Staying hydrated keeps your skin soft and healthy, keeps your energy up, wards off headaches and helps you feel your best. A quick guideline for getting in enough ounces is to divide your weight in pounds by 2 (weight (lbs) /2 = baseline daily fluid needs). So a 150-lb individual would aim for 75 ounces of water per day. This is a baseline! More water would be needed for heavy exercise or excess sweating/time spent in the heat to replace losses through the skin and respiration. See my full post on hydration here
5. Don’t forget to move
I couldn’t end my list of summer health tips without including movement.
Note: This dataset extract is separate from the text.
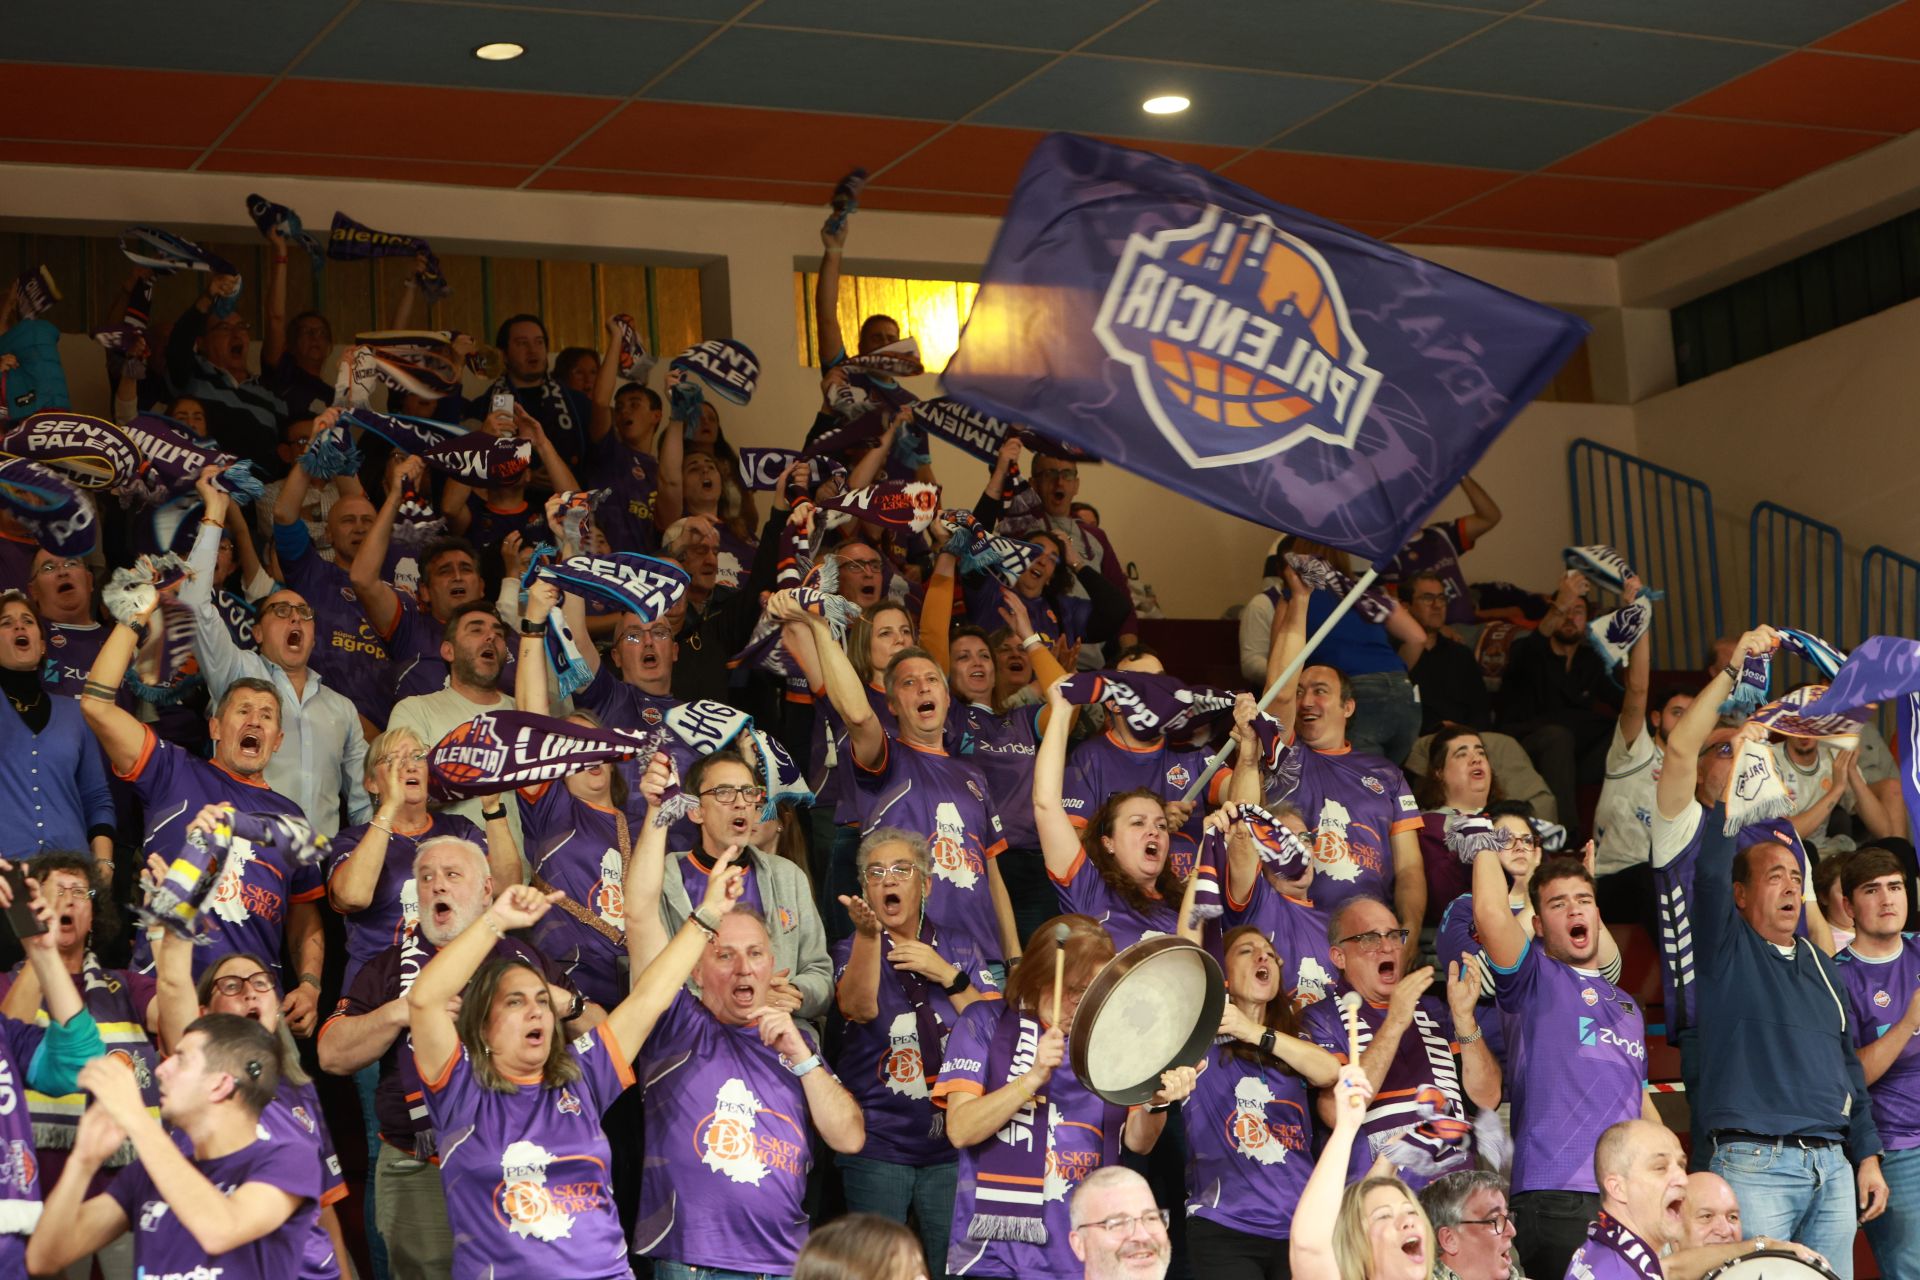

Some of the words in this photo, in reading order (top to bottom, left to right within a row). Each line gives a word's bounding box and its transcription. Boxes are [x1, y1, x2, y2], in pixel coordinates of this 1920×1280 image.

By incorporating healthy habits into your vacation or busy summer schedule you won’t feel like you need a total reset once Labor Day arrives.
Squeeze a little movement into your day whenever you can. It may look a little different than your typical routine and that’s okay! Go for a jog around the block, take a walk outside, or sneak in a few sets of lunges and crunches in your hotel room.
Enjoy the sunshine and longer days by getting outside! Choose fun activities with friends and family that incorporate movement in your day – try kayaking, swimming, stand up paddle boarding, biking, hiking or sunrise or sunset yoga.
How do you stay healthy while on the go or on vacation?

Summer health tips: On The Go Healthy Snacks Round-up
Nut and seed butters
These make a great on the go snack. Pair it with fruit (bananas or apples), veggies (carrots) or whole grain crackers. Scoop into small reusable containers or buy pre-packaged, single serving nut butters.
Homemade Muffins or snack breads
Muffins don’t require refrigeration and can offer a good source of filling fiber. Carbohydrates provide a quick source of energy and fiber helps the energy last. Try these Paleo Morning Glory Muffins. Prep a big batch ahead of time and store in the freezer. You can take one or two with you during the day and they will defrost naturally in the warm summer air. My chocolate chip banana bread is another great packable option alongside a nut butter pack.
Fresh Fruits and Veggies
Fruits and vegetables are available in abundance in the summer. Checkout your local farmers market or CSA (community supported agriculture). Cherry tomatoes taste great this time of year. Baby carrots, sliced peppers, and even salad travel well. Be sure to pack the dressing on the side. Pair your veggie or fruits with cheese or nuts on the side for added protein.
Trail Mix
Making your own trail mix is a great way to incorporate satisfying, healthy ingredients into an on the go snack. The combination of dried fruit and nuts provides a good source of protein. Note that trail mixes tend to be high in calories. A quarter cup is a reasonable serving size.
Hummus
Hummus, veggies and whole grain crackers pack super easily. I like to maximize nutrition by adding nutritional yeast to my hummus. Just 2 tablespoons packs an added 6g protein and 4g of fiber (depending on the brand) and a vitamin B boost!
Popcorn
Easy, packable and holds up in the heat. Another go-to for our fam.
Nuts
A handful of nuts goes a long way. Nuts are satiating with their protein and healthy fat content. Almonds are an excellent, heart healthy choice.
No bake energy bites
No bake energy bites are another tried and true packable, on the go snack. A simple search on Pinterest yields countless recipes for energy bites. Stick to healthful whole ingredients such as oats, nuts, seeds, dates and nut butters. Some even incorporate protein powders for added nutrition. I like this added protein recipe by Ambitious Kitchen.
Protein bars
Protein bars offer an easy packable option for snacking. Look for a shorter ingredients list without added sweeteners. Some good options include RXBAR’s, Lara bars, GoMacro bars and Kind bars.
Legumes
Shelled edamame and roasted chickpeas, either homemade or packaged, are a great addition to summer snacks and lunches. They provide added prebiotic fiber and plant based protein. They pack easily, provide satiety and balance blood sugar. An all-around top pick.